A habitação, que constituiu “uma prioridade política para 2026”, terá um investimento de 10,5 milhões de euros.

O executivo municipal da Câmara de Gondomar aprovou hoje, com os votos contra dos eleitos pelo Chega e pela coligação PSD/IL, o orçamento para 2026, que se fixa nos 165,8 milhões de euros.
O orçamento para 2026 representa um aumento de mais 16 milhões de euros em relação ao orçamento do ano corrente.
Citado em comunicado, o presidente da autarquia, Luís Filipe Araújo, sublinhou que o orçamento mantém o foco “na concretização de novos projetos que melhorem a qualidade de vida dos gondomarenses” e classificaram-no de “um documento de renovada ambição”.
Numa declaração de voto, a que a Lusa teve acesso, os vereadores do PSD justificaram o voto contra com considerarem que o executivo “continua a não ter uma clara e decisiva aposta no desenvolvimento do concelho nem na qualidade de vida dos gondomarenses” e que está a ser dada continuidade à governação dos últimos 12 anos.
Os sociais-democratas criticaram que não seja dada “qualquer data” para a conclusão da revisão do Plano Diretor Municipal (PDM), que seja mantido o valor do Imposto sobre o Rendimento das Pessoas Singulares (IRS), que permanece nos 5%, e temem ainda que algumas ações judiciais da autarquia possam resultar em valores acrescidos para os gondomarenses.
A autarquia destacou no orçamento a “aposta nas pessoas” indicando que o investimento global em “educação, coesão social e saúde” será de 26,3 milhões de euros, tendo a educação ficado com 6,8 milhões destinados à “modernização e requalificação do parque escolar” e a saúde com cinco milhões para a “reabilitação de unidades de saúde”.
Habitação, que constituiu “uma prioridade política para 2026”, terá um investimento de 10,5 milhões de euros que permitirá “a construção de cerca de 140 novas habitações, o reforço do parque habitacional municipal através da aquisição de imóveis e a melhoria das condições de habitabilidade e da eficiência energética das habitações existentes”.

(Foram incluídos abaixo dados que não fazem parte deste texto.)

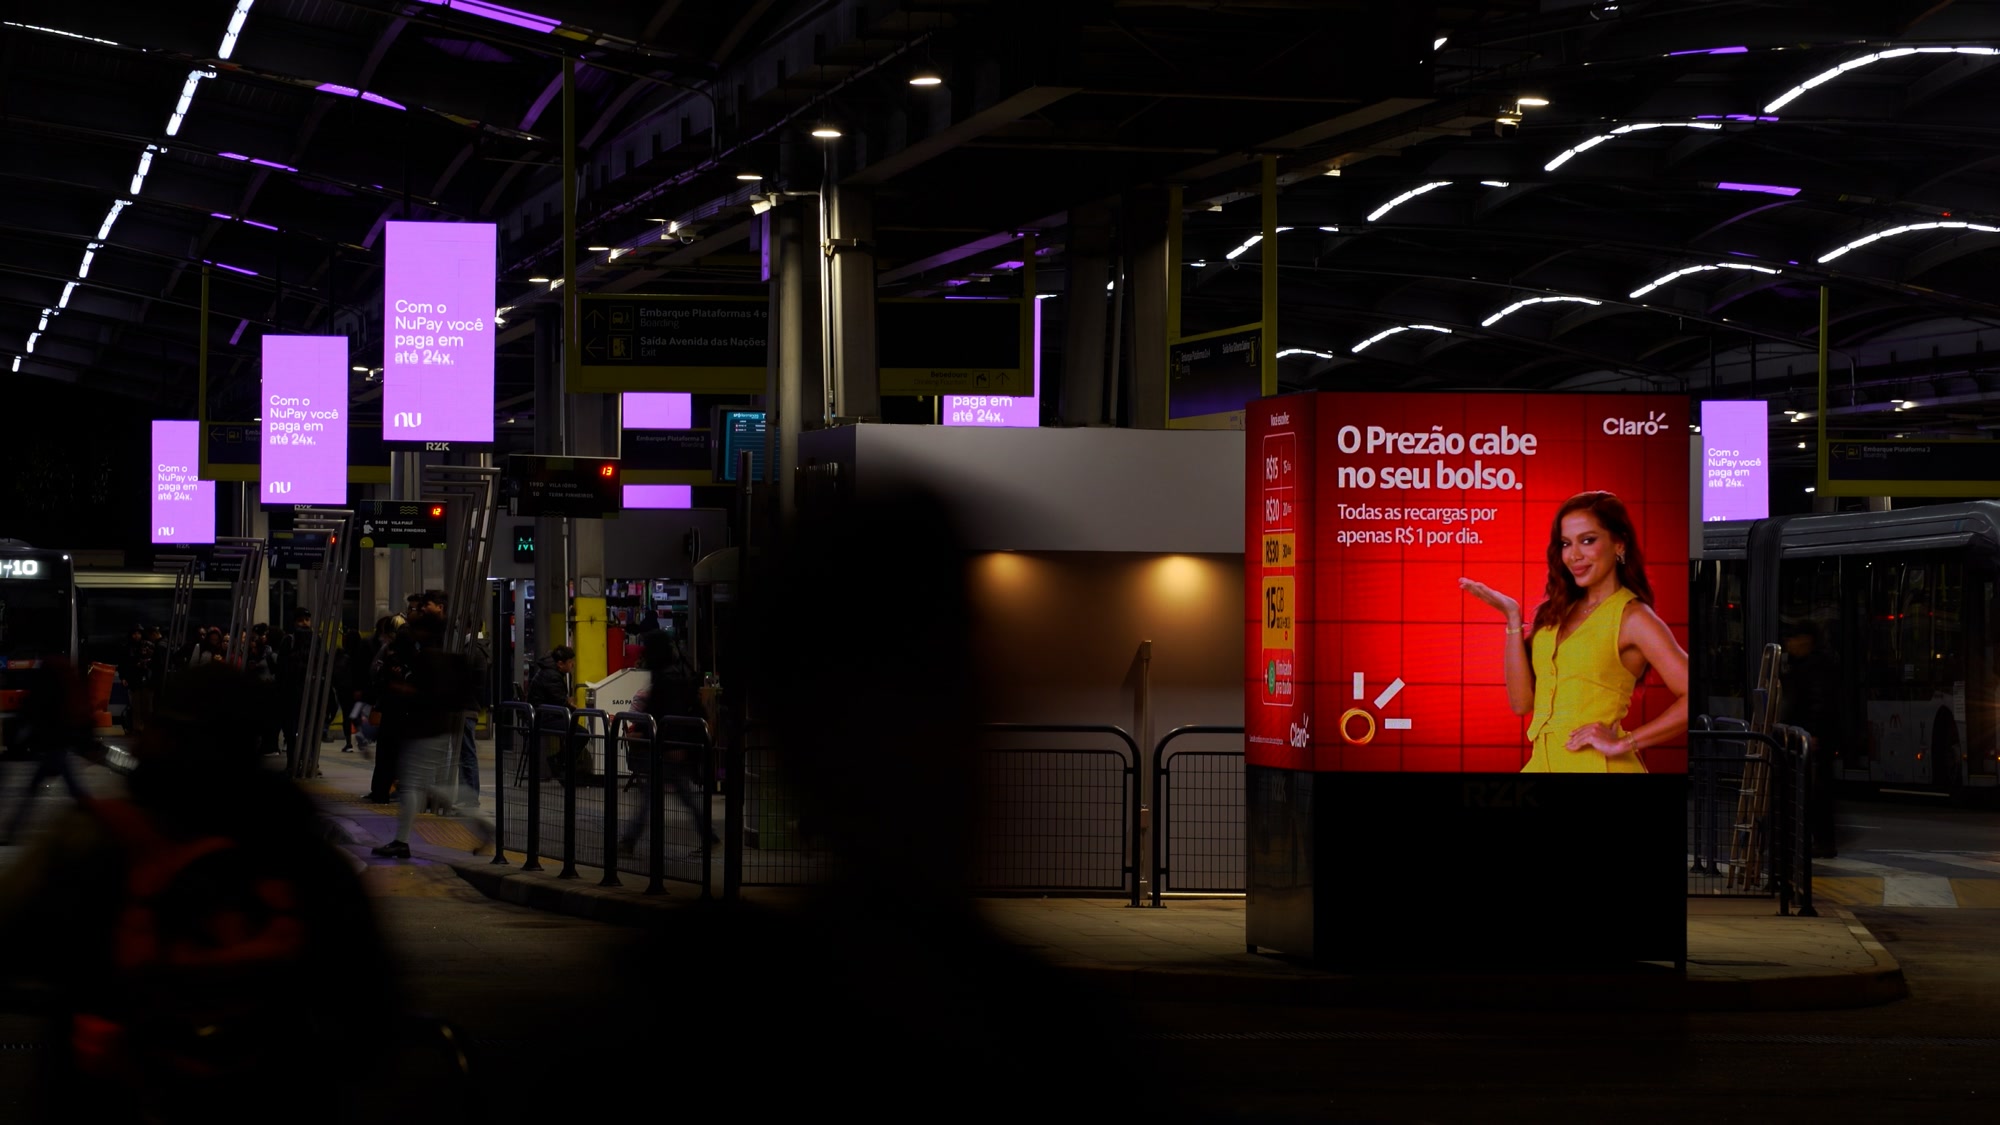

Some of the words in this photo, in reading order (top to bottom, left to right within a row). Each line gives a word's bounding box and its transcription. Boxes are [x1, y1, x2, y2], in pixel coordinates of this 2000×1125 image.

[395, 300, 432, 314] Com
[437, 304, 447, 314] o
[640, 308, 690, 318] Embarque
[692, 308, 752, 318] Plataformas
[753, 310, 760, 318] 4
[395, 316, 444, 333] NuPay
[446, 318, 484, 331] você
[640, 318, 680, 329] Boarding
[395, 335, 434, 349] paga
[438, 336, 464, 346] em
[640, 336, 668, 346] Saída
[670, 337, 708, 346] Avenida
[712, 338, 728, 346] das
[730, 338, 767, 349] Nações
[394, 350, 419, 365] até
[423, 350, 454, 365] 24x.
[641, 349, 656, 357] Exit
[270, 395, 299, 406] Com
[302, 398, 310, 406] o
[952, 396, 986, 409] paga
[990, 397, 1012, 407] em
[270, 408, 307, 421] NuPay
[310, 409, 339, 419] você
[952, 409, 974, 422] até
[977, 409, 1004, 423] 24x.
[270, 422, 300, 433] paga
[304, 423, 323, 431] em
[1602, 412, 1668, 436] Claro
[270, 433, 288, 445] até
[291, 433, 316, 445] 24x.
[1337, 425, 1361, 454] O
[1367, 425, 1465, 455] Prezão
[1469, 426, 1538, 456] cabe
[426, 442, 450, 451] RZK
[1708, 448, 1731, 456] Com
[158, 464, 180, 472] Com
[1708, 458, 1737, 468] NuPay
[1739, 458, 1761, 466] você
[602, 466, 613, 476] 13
[1337, 465, 1376, 490] no
[1380, 466, 1430, 490] seu
[1436, 460, 1523, 490] bolso.
[1708, 469, 1732, 478] paga
[158, 474, 186, 483] NuPay
[1708, 478, 1723, 488] até
[1725, 478, 1744, 488] 24x.
[158, 484, 181, 492] paga
[158, 492, 172, 500] até
[174, 492, 192, 501] 24x.
[1266, 496, 1280, 524] R$20
[1337, 504, 1382, 520] Todas
[1384, 508, 1402, 520] as
[1404, 508, 1468, 525] recargas
[1470, 508, 1498, 524] por
[1337, 530, 1393, 547] apenas
[1426, 530, 1453, 548] por
[1455, 528, 1483, 544] dia.
[0, 560, 38, 576] -10
[1266, 587, 1276, 628] 15
[1290, 718, 1308, 748] Claro
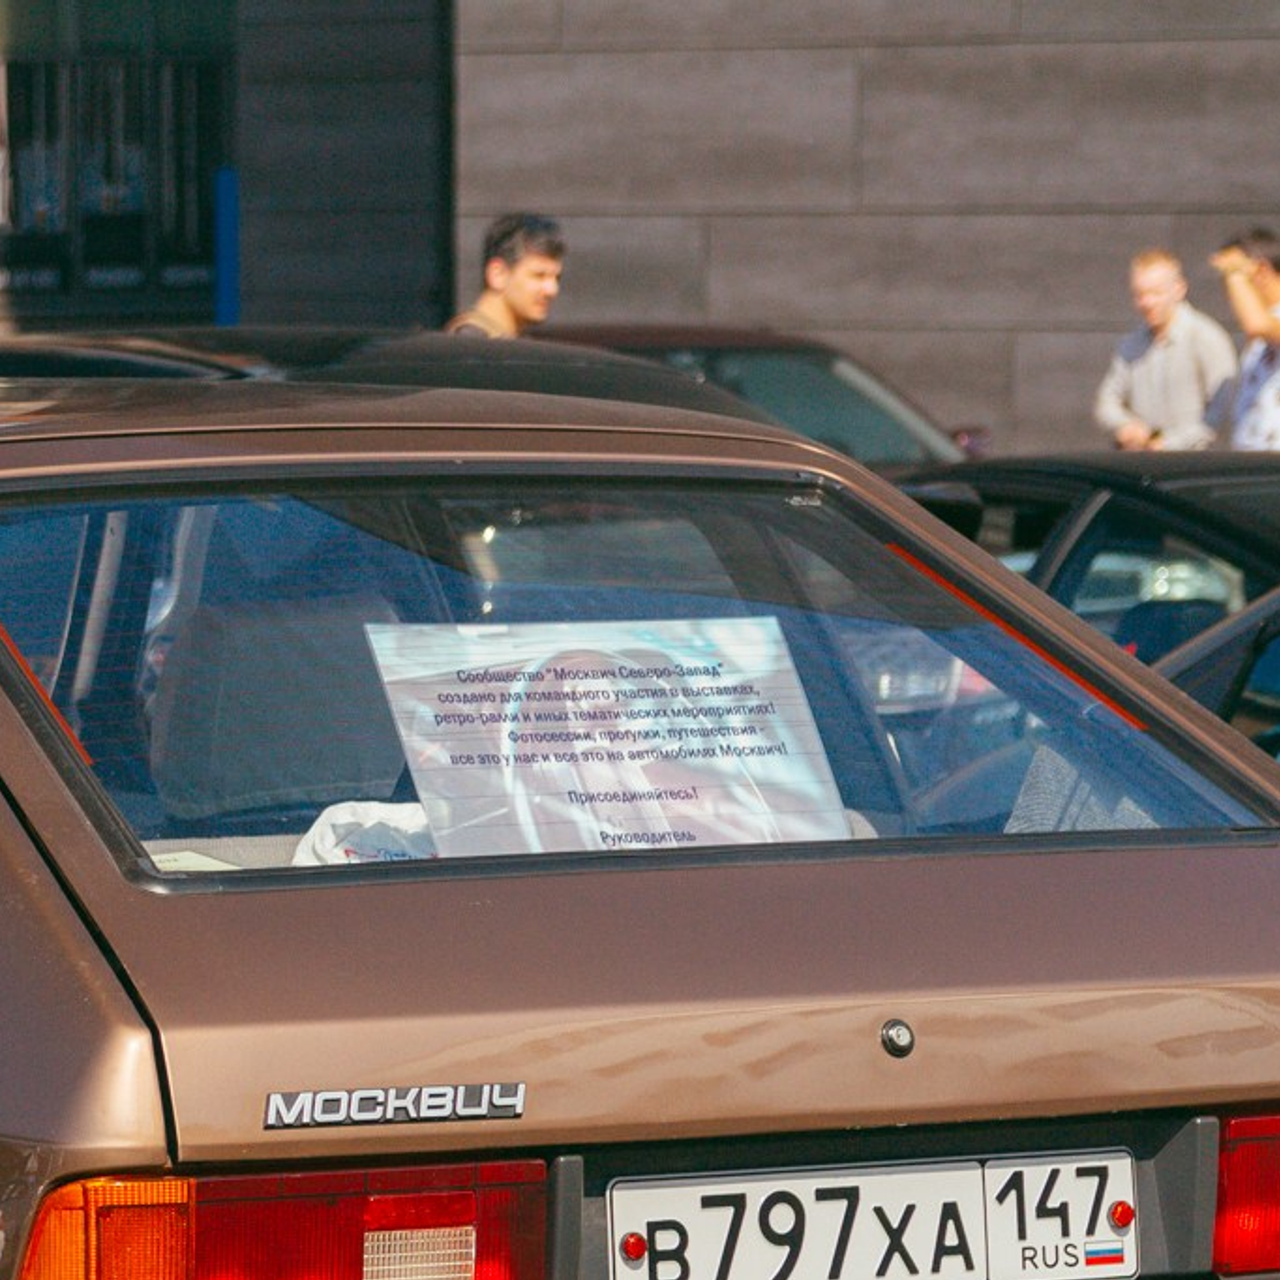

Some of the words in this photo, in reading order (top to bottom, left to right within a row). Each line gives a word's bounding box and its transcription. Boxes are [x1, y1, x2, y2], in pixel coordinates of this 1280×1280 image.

[456, 669, 545, 684] Сообщество
[437, 691, 497, 704] создано
[500, 691, 523, 704] для
[524, 689, 611, 703] командного
[613, 687, 667, 703] участия
[681, 683, 761, 698] выставках,
[522, 711, 532, 722] и
[534, 711, 569, 722] иных
[572, 707, 670, 722] тематических
[671, 701, 777, 719] мероприятиях!
[507, 730, 597, 745] Фотосессии,
[599, 728, 667, 744] прогулки,
[667, 723, 757, 741] путешествия
[449, 754, 476, 766] все
[477, 753, 501, 766] это
[502, 755, 511, 767] у
[513, 752, 540, 765] нас
[541, 754, 551, 764] и
[553, 752, 579, 764] все
[581, 751, 605, 763] это
[607, 750, 625, 763] на
[627, 745, 717, 762] автомобилях
[718, 741, 789, 757] Москвич!
[567, 785, 700, 807] Присоединяйтесь!
[599, 829, 697, 847] Руководитель
[994, 1165, 1110, 1242] 147
[1021, 1242, 1080, 1271] RUS

Para a “qualificação do território e a sustentabilidade ambiental” estão assegurados 30 milhões de euros: 13,9 para obras municipais e espaço público e 16 milhões de euros afetos “à ação climática e ao ambiente, abrangendo investimentos estruturantes na recolha e tratamento de resíduos, limpeza urbana e apoio à transição ambiental”.
Cerca de 70 milhões de euros inscritos no orçamento são destinados à “transição digital, à modernização dos serviços e à contratualização com as freguesias”.
A nível de obras públicas, o município destacou “o Parque Urbano de Baguim do Monte, a valorização integrada da frente ribeirinha e o prolongamento do passadiço do Polis, a concretização do Parque Mineiro de São Pedro da Cova e a construção do novo edifício da PSP de Gondomar”.
A 16 de dezembro, o executivo aprovou uma descida em 2,5% do Imposto Municipal sobre os Imóveis (IMI).
Neste contexto, a taxa aplicável aos prédios urbanos situados nas freguesias urbanas – Baguim do Monte, Fânzeres e São Pedro da Cova, Gondomar (São Cosme), Valbom e Jovim e Rio Tinto – desce de 0,382& para 0,372%, enquanto nos prédios urbanos localizados nas freguesias de menor densidade – Foz do Sousa e Covelo, Melres e Medas e Lomba – passa de 0,343% para 0,326%.
No IMI, o valor para os prédios urbanos situa-se entre os 0,3% e os 0,45% (até aos 0,5% em alguns casos) e vai até aos 0,8% nos prédios rústicos.